Sigmund Freud’s office has been wonderfully recreated in the movie A Dangerous Method.  It’s decked out with blood-colored curtains, leather-bound volumes, dark wood furniture and ancient talismans, so that there’s barely space for the doctor to sit, or think, inside.  And it’s a dramatic contrast to Karl Jung’s (movie) office, with its pristine white walls and scrubbed oak floors.  Freud was thinking modern and living Victorian, searching for scientific clarity while weighed down by all of literature and history.  The sumptuously shadowed, cluttered room might be the perfect (movie) symbol for his mind.  I visited the Freud Museum in London, once, years ago, on a drizzly afternoon.  It’s Freud’s old house and office, which his son, the architect Ernst Freud, remodeled and enlarged with a small sunroom.  I remember walking uphill from the Camden tube station through winding residential blocks, ringing the bell, then being inspected and admitted by a smiling, overattentive docent, who followed me silently from room to room.
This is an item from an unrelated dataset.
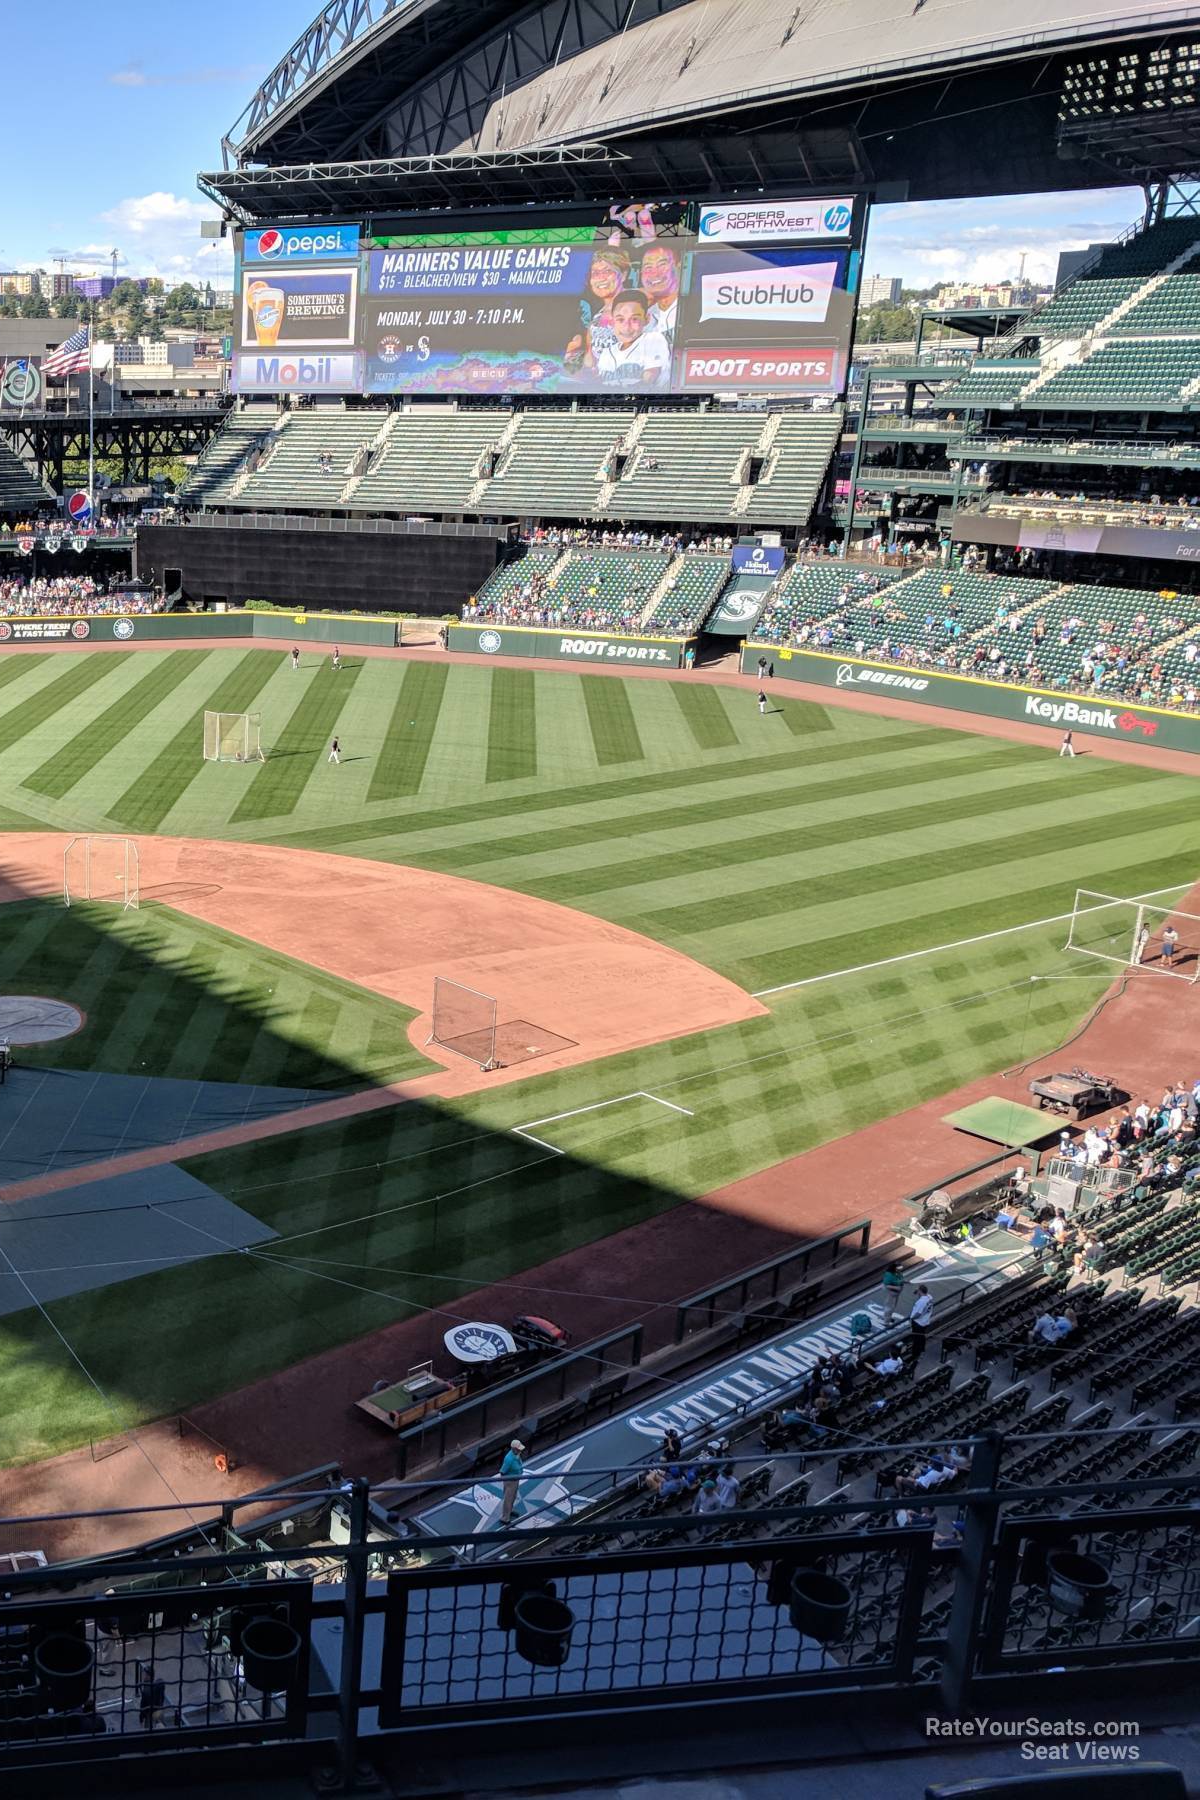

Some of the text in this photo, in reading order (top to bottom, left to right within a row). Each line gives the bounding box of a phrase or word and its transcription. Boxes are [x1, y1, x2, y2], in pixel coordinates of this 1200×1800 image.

Freud’s consultation room at the museum is furnished with the books, artworks and furniture he brought with from his famed office at Bergasse 19 in Vienna, which has also been turned into a museum.  His couch, the most mythologized piece of furniture in Western history, was not at all what I expected.  It was small and lumpy; it did not beckon me to lie down on it and surrender myself to my unconscious.  It had a tapestry thrown over it, the same way college students throw tablecloths over furniture they drag into their dorm rooms from the sidewalk.  Yet seeing it was tremendously moving.  Freud left Vienna for London in 1938, for the obvious reasons, when he was 82 years old.  He was suffering from jaw cancer and a portion of his face had been removed, so that he could barely speak.  It’s tragic that this great man was was uprooted at this stage of his life.  And it’s poignant that he recreated his life at Bergasse – piece by piece – in this stodgy brick house in suburban London.